Persistent disks can still be useful in read-only mode to load pretrained weights before finetuning or inference.
In multihost settings, FSDP will save checkpoint shards per host and consolidate them into a single checkpoint.
For safekeeping, it is recommended to upload the consolidated checkpoints to a Google Cloud bucket.
Alternatively, you can use the `scp` command to transfer these checkpoints from the TPU VM periodically, although this is not implemented in our scripts.

## Inference

This project provides custom versions of the regular recipes to run with XLA in the `xla` directory.
To generate text, use the following command:

```shell
python3 xla/generate/base.py --prompt "Hello, my name is" --num_samples 3
```

For the first generation, this command will take around 17 seconds as XLA needs to compile the graph.
Subsequent generations will take around 2 seconds.

## Fine-tuning

To get started fine-tuning Falcon 7B with adapter, run the following command:

```shell
python3 scripts/prepare_alpaca.py --checkpoint_dir checkpoints/tiiuae/falcon-7b

python3 xla/finetune/adapter.py --checkpoint_dir checkpoints/tiiuae/falcon-7b --precision bf16-true
```

<details>
<summary>Multihost caveats</summary>

This script is configured to save "full" checkpoints, which isn't possible on multihost TPU VMs.
Here's how you can consolidate them together into a single one after training with `state_dict_type="sharded"`:

```shell
path_to_shards="out/adapter/alpaca/lit_model_adapter_finetuned"
mkdir -p $path_to_shards
workers=4  # 4 hosts
for ((i = 0; i < workers; i++)); do
  # aggregate all shards locally
  gcloud compute tpus tpu-vm scp --worker=$i "lit-gpt:${path_to_shards}/*" "${path_to_shards}/" --zone us-central2-b
done
# copy all shards to all workers
gcloud compute tpus tpu-vm scp --worker=all ${path_to_shards}/* "lit-gpt:${path_to_shards}/" --zone us-central2-b
# consolidate the shards in each worker
gcloud compute tpus tpu-vm ssh tmp --worker=all --command="python -m torch_xla.distributed.fsdp.consolidate_sharded_ckpts --ckpt_prefix ${path_to_shards}/checkpoint --ckpt_suffix '_rank-*-of-*.pth' --save_path ${path_to_shards}.pth" --zone us-central2-b
```

</details>

Since the TPU VM host RAM is limited (200 GB), we implement a technique to sequentially load and shard the checkpoint that can be enabled by
setting `reduce_cpu_memory_usage_during_load = True`. This is necessary to load falcon-40b.
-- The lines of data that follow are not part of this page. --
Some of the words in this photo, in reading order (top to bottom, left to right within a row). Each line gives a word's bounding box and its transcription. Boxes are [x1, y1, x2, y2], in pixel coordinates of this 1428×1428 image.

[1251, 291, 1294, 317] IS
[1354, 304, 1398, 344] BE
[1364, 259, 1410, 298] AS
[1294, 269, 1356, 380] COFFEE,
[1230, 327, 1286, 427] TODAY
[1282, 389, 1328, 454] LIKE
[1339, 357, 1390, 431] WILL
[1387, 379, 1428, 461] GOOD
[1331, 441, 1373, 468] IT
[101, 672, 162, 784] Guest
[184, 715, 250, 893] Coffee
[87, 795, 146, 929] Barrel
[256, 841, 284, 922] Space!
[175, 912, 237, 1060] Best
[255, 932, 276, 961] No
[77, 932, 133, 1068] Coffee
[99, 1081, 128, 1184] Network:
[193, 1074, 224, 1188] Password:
To generate text with the adapter fine-tuned model weights, use the following command:

```shell
python3 xla/generate/adapter.py --checkpoint_dir checkpoints/tiiuae/falcon-7b --precision bf16-true --adapter_path out/adapter/alpaca/lit_model_adapter_finetuned.pth
```

> **Warning**
> Remember to delete your instance when you are done.
>
> ```shell
> gcloud compute tpus tpu-vm delete lit-gpt --zone=us-central2-b
> ```

## Computational Performance

Using the [adapter finetuning script](finetune/adapter.py) and XLA's FSDP implementation, a 49.57% MFU was achieved with Falcon 7B on a v4-32 (micro batch size 7), and a 39.67% MFU was achieved with Falcon 40B on a v4-512 (micro batch size 3) at a fixed 1034 maximum sequence length.
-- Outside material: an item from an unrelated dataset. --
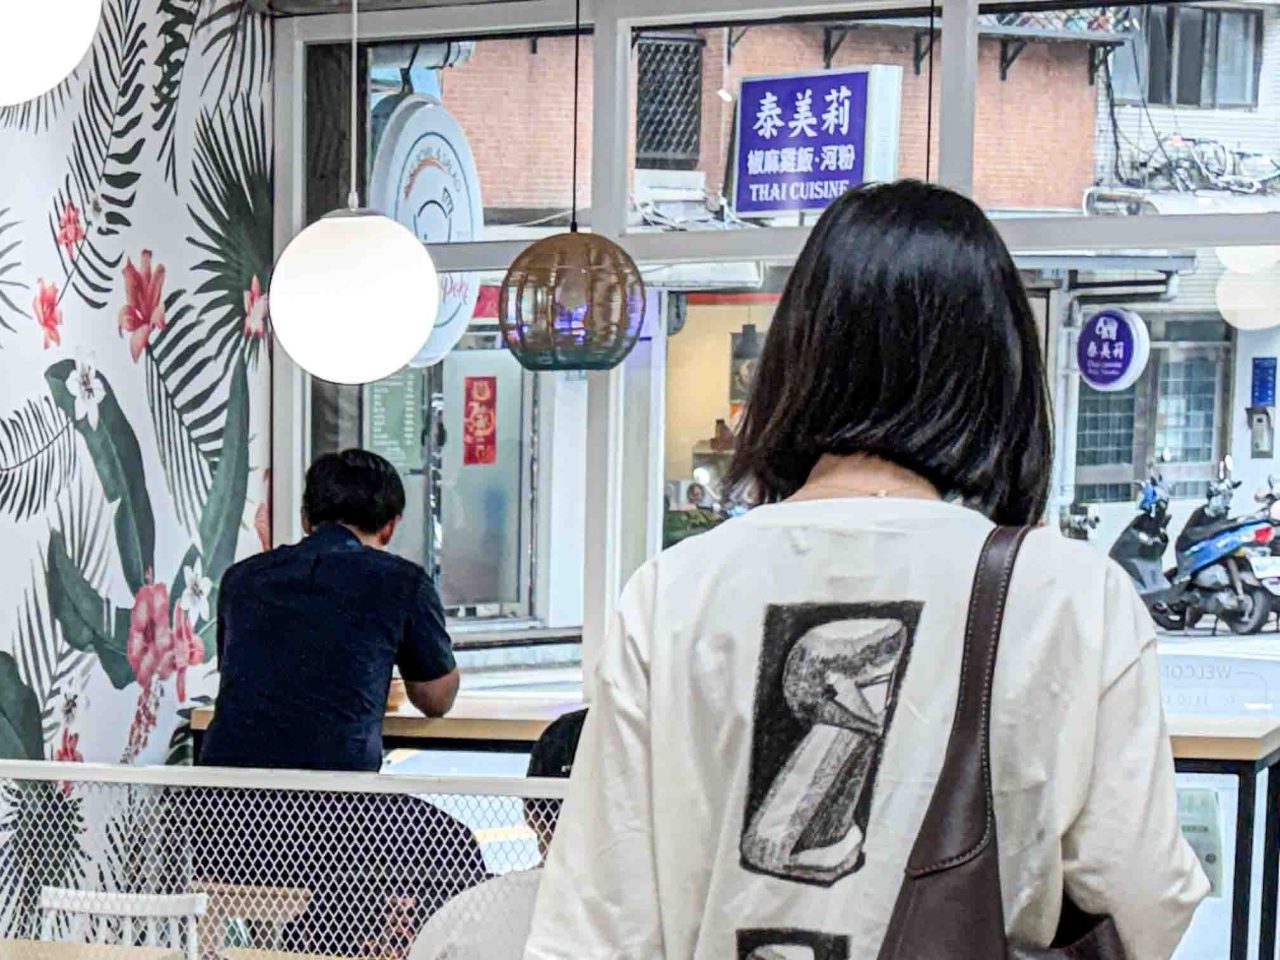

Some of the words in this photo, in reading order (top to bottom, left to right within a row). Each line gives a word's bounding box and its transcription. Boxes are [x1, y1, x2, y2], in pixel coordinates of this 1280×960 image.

[752, 85, 853, 140] 泰美莉
[749, 183, 787, 201] THAI
Since the TPU VM host has limited system memory (RAM) compared to device memory (HBM), specific techniques were implemented to limit peak RAM usage when loading the model and pretrained weights before sharding, as well as when saving sharded checkpoints.
A v4 chip has 32 GiB HBM, so with 4 devices per host (4 * 32 = 128 GiB HBM), each host has 188 GiB RAM, which is shared across the devices.
Therefore, any RAM allocation over 188/4 = 47 GiB would exceed the host's RAM capacity.
A ~24B parameter model on CPU (with half precision) would be the largest possible model under this setup without the techniques used in our scripts.